With a laugh of relief he sprang towards her, embracing her wet blue skirt.

“Don’t grab me like that, Michael Banks. I’m not a Dutch Doll, thank you!”

“You are!” he shouted. “No, you’re not! You only look like one. Oh, Mary Poppins, tell me truly! You aren’t anybody in disguise? I want you just as you are!”

A faint, pleased smile puckered her mouth. Her head gave a prideful toss.

“Me! Disguised! Certainly not!”

With a loud sniff at the mere idea, she disengaged his hands.

“But, Mary Poppins,” Jane persisted. “Supposing you weren’t Mary Poppins, who would you choose to be?”

The blue eyes under the tulip hat turned to her in surprise.

There was only one answer to such a question.

“Mary Poppins!” she said.

 

 

Chapter Two


THE FAITHFUL FRIENDS


“FASTER, PLEASE!” said Mary Poppins, tapping on the glass panel with the beak of her parrot-headed umbrella.

Jane and Michael had spent the morning at the Barber’s shop, and the Dentist’s, and because it was late, as a great treat, they were taking a taxi home.

The Taxi Man stared straight before him and gave his head a shake.

“If I go any faster,” he shouted, “it’ll make me late for me dinner.”

“Why?” demanded Jane, through the window. It seemed such a silly thing to say. Surely, the quicker a Taxi Man drove the earlier he would arrive!”

“Why?” echoed the Taxi Man, keeping his eye on the wheel. “A Naccident – that’s why! If I go any faster, I’ll run into something – and that’ll be a Naccident. And a Naccident – it’s plain enough – will make me late for me dinner. Oh, dear!” he exclaimed, as he put on the brake. “Red again, I see!”

He turned and put his head through the window. His bulgy eyes and drooping whiskers made him look like a seal.

“There’s always trouble at these ’ere signals!” He waved his hand at the stream of cars all waiting for the light to change.

And now it was Michael who asked him why.

“Don’t you know nothing?” the Taxi Man cried. “It’s because of the chap on duty!”

He pointed to the signal-box, where a helmeted figure, with his head on his hand, was gazing into the distance.

“Absent-minded – that’s what ’e is. Always staring and moping. And ’alf the time ’e forgets the lights. I’ve known them to stay red for a whole morning. If it’s goin’ to be like that today, I’ll never get me dinner. You ’aven’t got a sangwidge on you?” He looked at Michael hopefully. “No? Nor yet a chocolate drop?” Jane smiled and shook her head.

The Taxi Man sighed despondently.

“Nobody thinks of nobody these days.”

“I’m thinking of someone!” said Mary Poppins. And she looked so stern and disapproving that he turned away in dismay.

“They’re green!” he cried, as he looked at the lights. And, huddling nervously over the wheel, he drove along Park Avenue as though pursued by wolves.

Bump! Bump! Rattle! Rattle! The three of them jolted and bounced on their seats.

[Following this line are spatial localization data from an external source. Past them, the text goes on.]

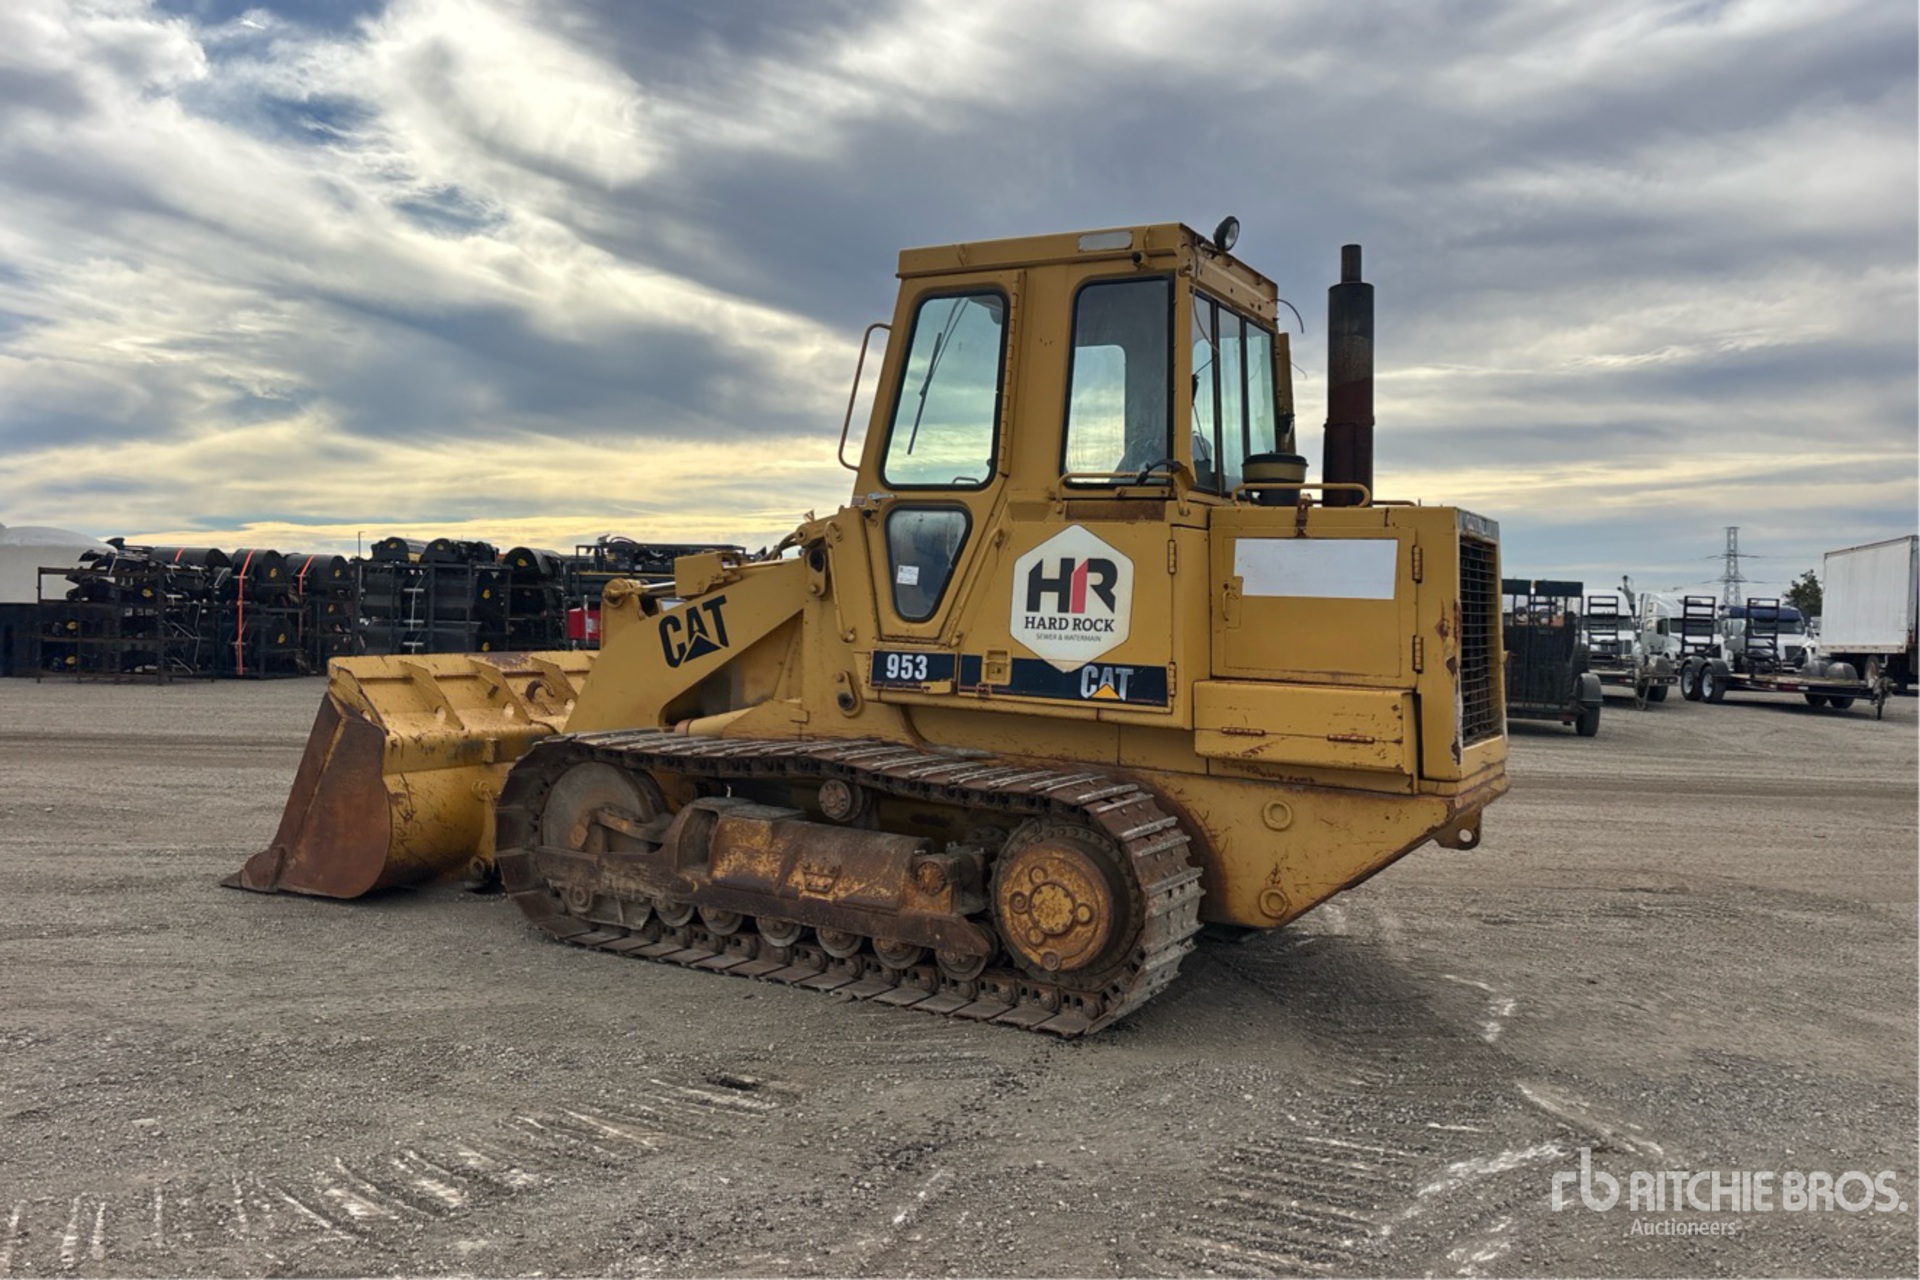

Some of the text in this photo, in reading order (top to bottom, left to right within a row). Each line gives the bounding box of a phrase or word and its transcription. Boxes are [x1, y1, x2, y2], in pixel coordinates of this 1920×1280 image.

[658, 594, 729, 668] CAT
[1024, 616, 1115, 632] HARD ROCK
[1036, 633, 1056, 641] SEWER
[1064, 634, 1101, 642] WATERMAIN
[886, 653, 928, 680] 953
[1080, 665, 1134, 701] CAT

“Sit up straight!” said Mary Poppins, sliding into a corner. “You are not a couple of Jack-in-the-boxes!”

“I know I’m not,” said Michael, gasping. “But I feel like one and my bones are shaking—” He gulped quickly and bit his tongue and left the sentence unfinished. For the taxi had stopped with a frightful jerk and flung them all to the floor.

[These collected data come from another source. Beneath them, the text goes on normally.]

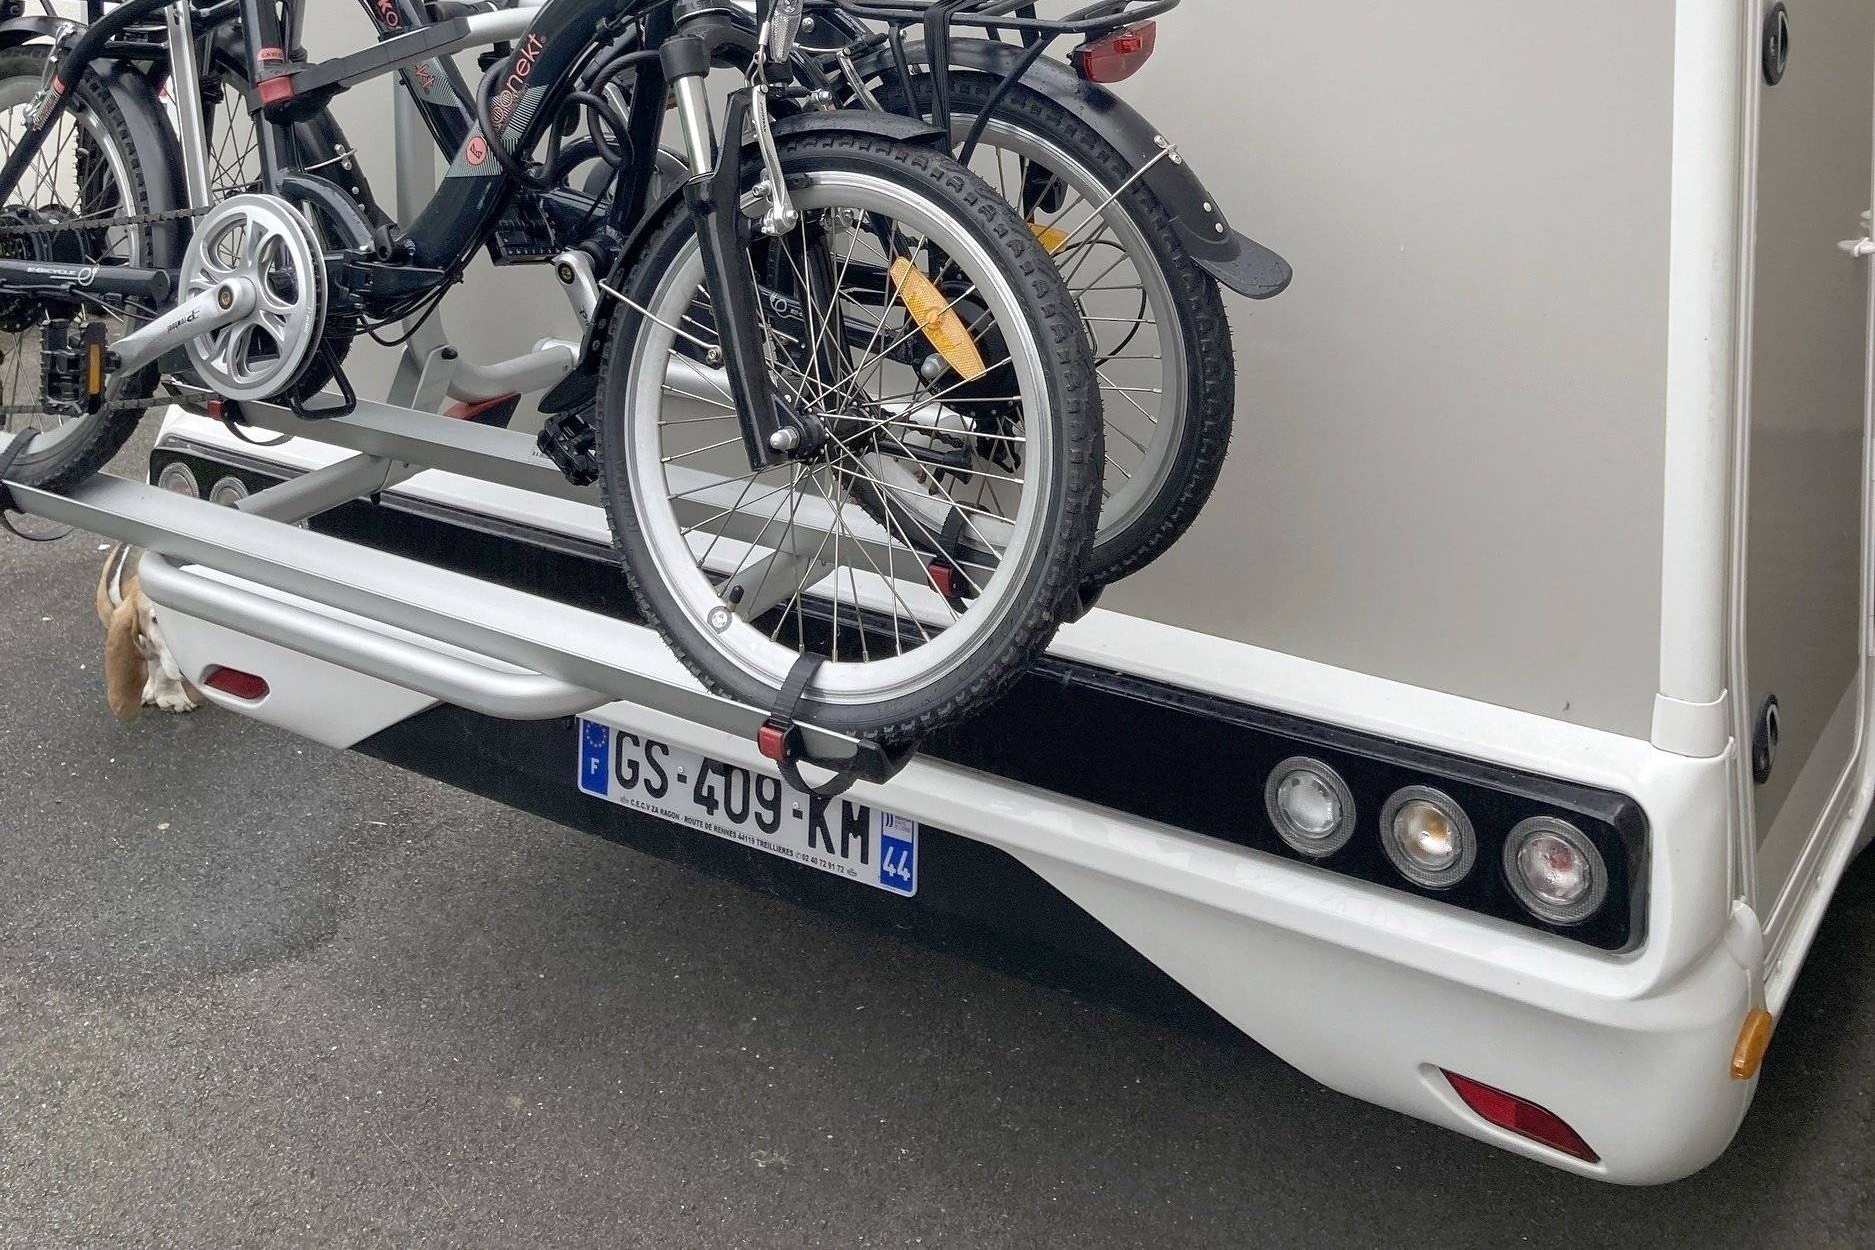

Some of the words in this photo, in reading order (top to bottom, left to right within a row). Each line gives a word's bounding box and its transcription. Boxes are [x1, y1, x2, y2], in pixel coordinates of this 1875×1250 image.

[490, 33, 543, 129] oonekt
[590, 756, 600, 776] F
[615, 730, 871, 865] GS-409-KM
[684, 815, 704, 828] ROUTE
[704, 822, 713, 831] DE
[713, 825, 737, 839] RENNES
[882, 845, 911, 882] 44

“Mary Poppins,” said Jane in a muffled voice, “I think you’re sitting on me!”

“My foot! My foot! It’s caught in something!”

“I’ll thank you, Michael!” said Mary Poppins, “to take it out of my hat!”

She rose majestically from the floor, and seizing her parrot-headed umbrella sprang out on to the pavement.

“Well, you said to go faster,” the Taxi Man muttered, as she thrust the fare into his hand. She glared at him in offended silence. And in order to escape that look he shrank himself down inside his collar so that nothing was left but his whiskers.

“Don’t bother about a tip,” he begged. “It’s really been a p-p-pleasure.”